L'image de la résistance héroïque des Kurdes à l'État islamique en a
pris un coup. Lundi 12 octobre, Amnesty International, champion des
droits de l'homme, les a accusés de "crimes de guerre" dans un rapport
sur les "déplacements forcés et les démolitions au nord de la Syrie".

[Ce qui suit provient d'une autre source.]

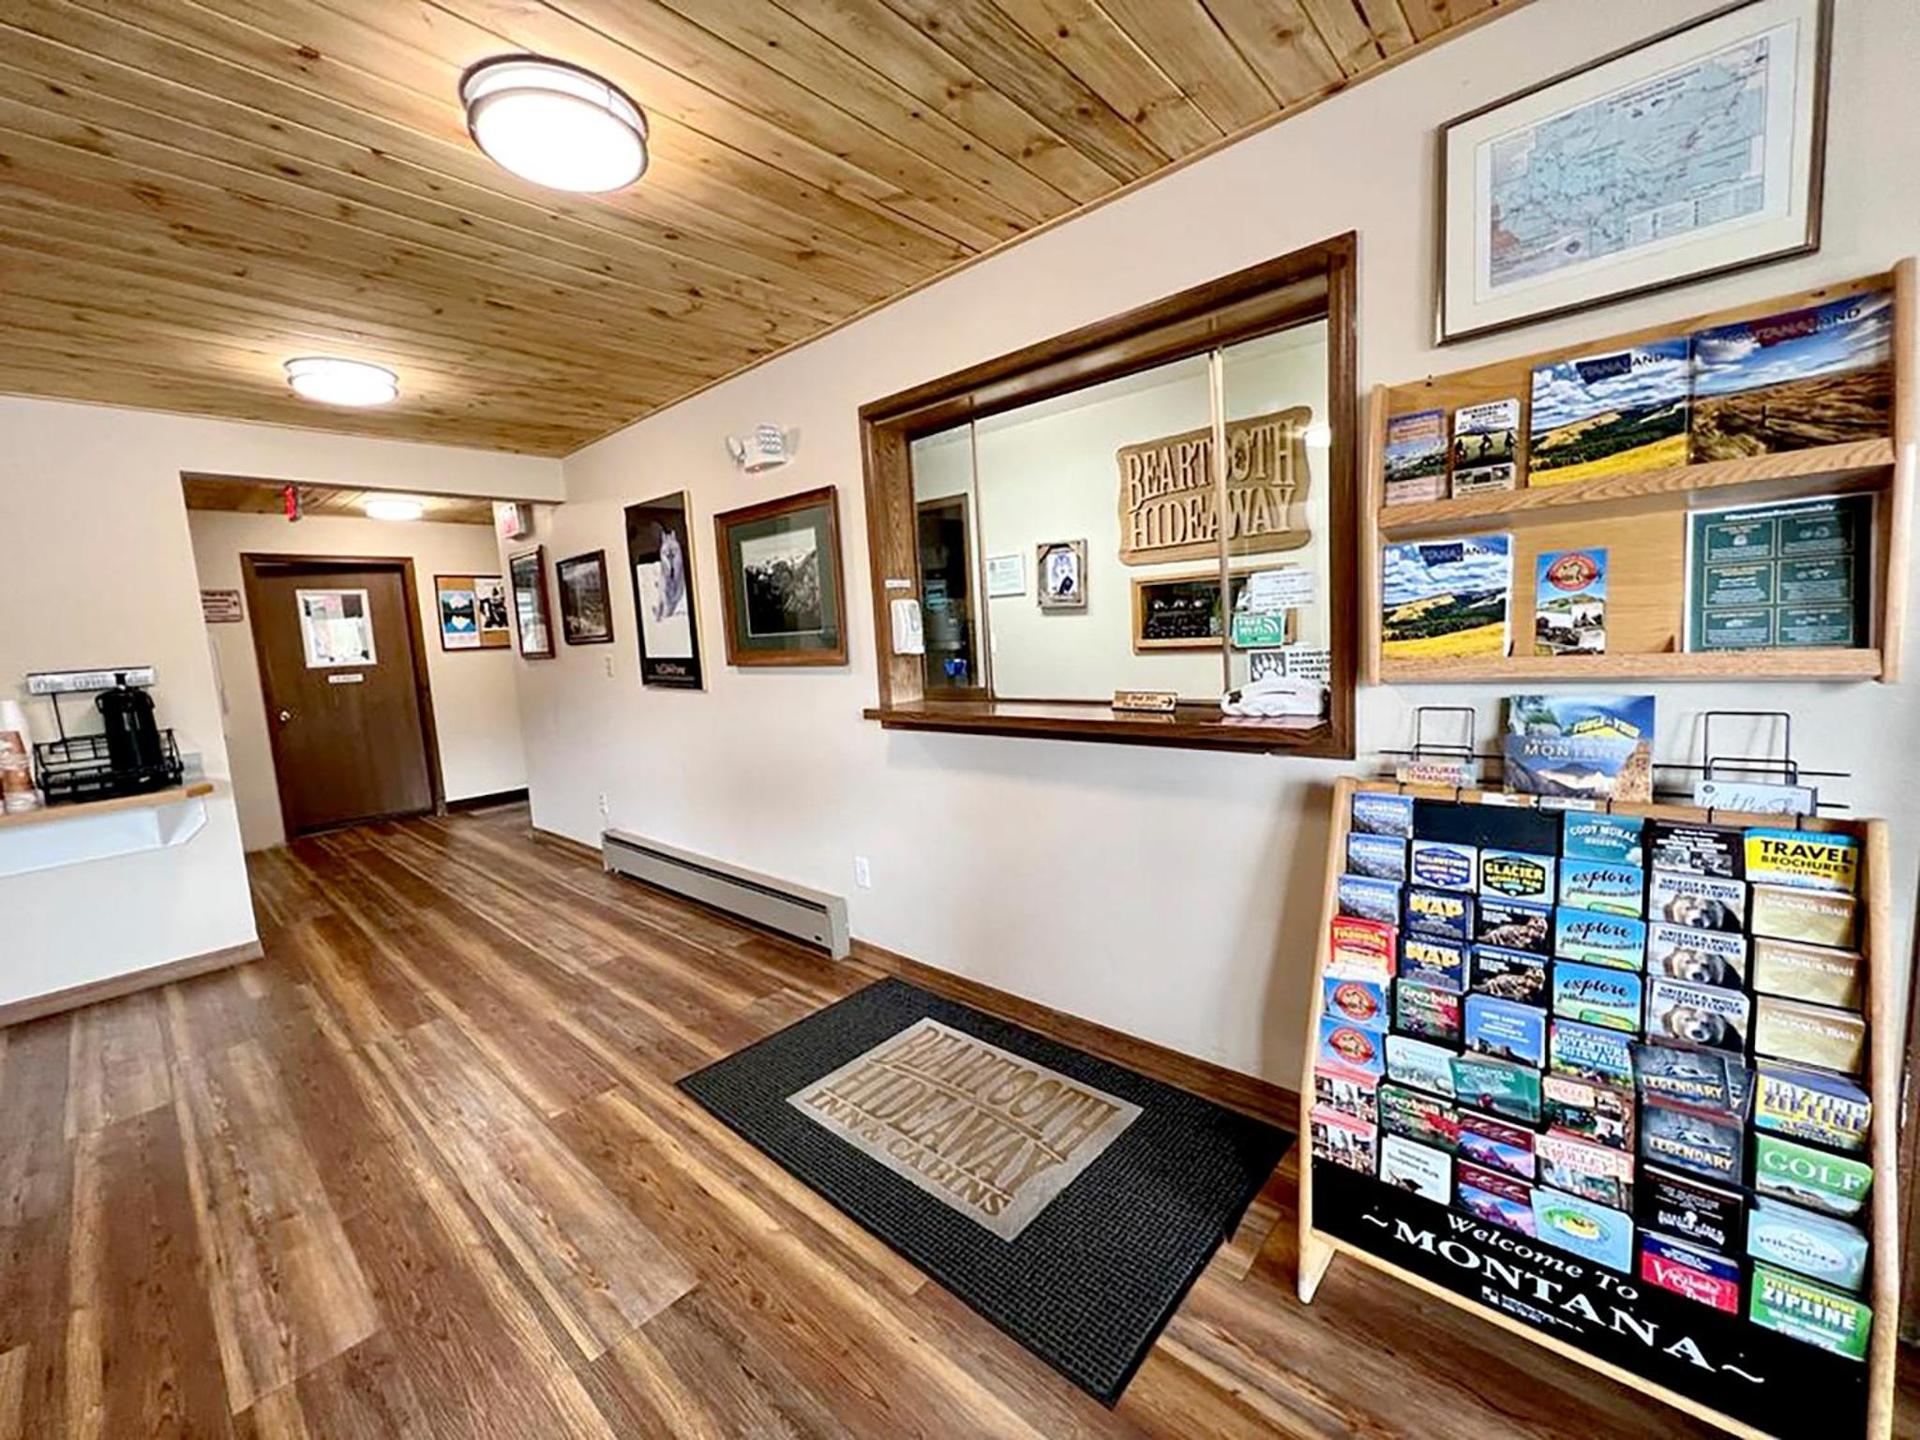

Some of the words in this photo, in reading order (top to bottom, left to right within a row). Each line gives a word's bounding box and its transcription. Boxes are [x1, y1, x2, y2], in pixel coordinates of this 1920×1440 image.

L'enquête de l'ONG a provoqué une levée de boucliers chez les soutiens
du Rojava, autre nom du Kurdistan syrien. Dans une interview, Sipan
Hemo, commandant en chef des Unités de protection du peuple (Yekîneyên
Parastina Gel, YPG), dénonce des "rumeurs" propagées au moment où la
coalition occidentale privilégie la nouvelle coalition de rebelles
formée autour des Kurdes, les Forces démocratiques syriennes (FDS). Et
d'inviter d'autres institutions indépendantes à venir enquêter sur le
terrain.
L'accusation : pas de morts, mais des destructions et des expulsions
Quels sont les faits dénoncés par le rapport ? Durant l'année 2015, les
Kurdes ont fait reculer l'État islamique après avoir brisé le siège de
Kobane. D'après Amnesty, ils ont rasé plusieurs villages et expulsé leur
population, sans justification militaire ou de sécurité. Plus de 90 %
des maisons du village d'Husseiniya, près de Tel Hamees, à la frontière
avec l'Irak, auraient ainsi été détruites. Dans d'autres cas, les
habitants auraient été chassés, sans destruction systématique. Au sud de
Suluk, à Safwan, des familles auraient même été menacées, si elles
refusaient de partir, d'être visées par des frappes de la coalition, sur
dénonciation des YPG : "Ils nous ont dit que nous devions partir ou
qu'ils diraient à la coalition des États-Unis que nous étions des
terroristes et que leurs avions nous frapperaient ainsi que nos
familles", a raconté un réfugié aux enquêteurs de l'ONG.
Selon Amnesty, ces destructions et expulsions seraient des punitions
collectives contre des populations soupçonnées d'avoir collaboré avec
l'État islamique. "Quand bien même il y aurait eu une base ennemie, cela
ne justifie en aucun cas la destruction d'une ville entière", explique
au Point l'auteur du rapport, Lama Fakih.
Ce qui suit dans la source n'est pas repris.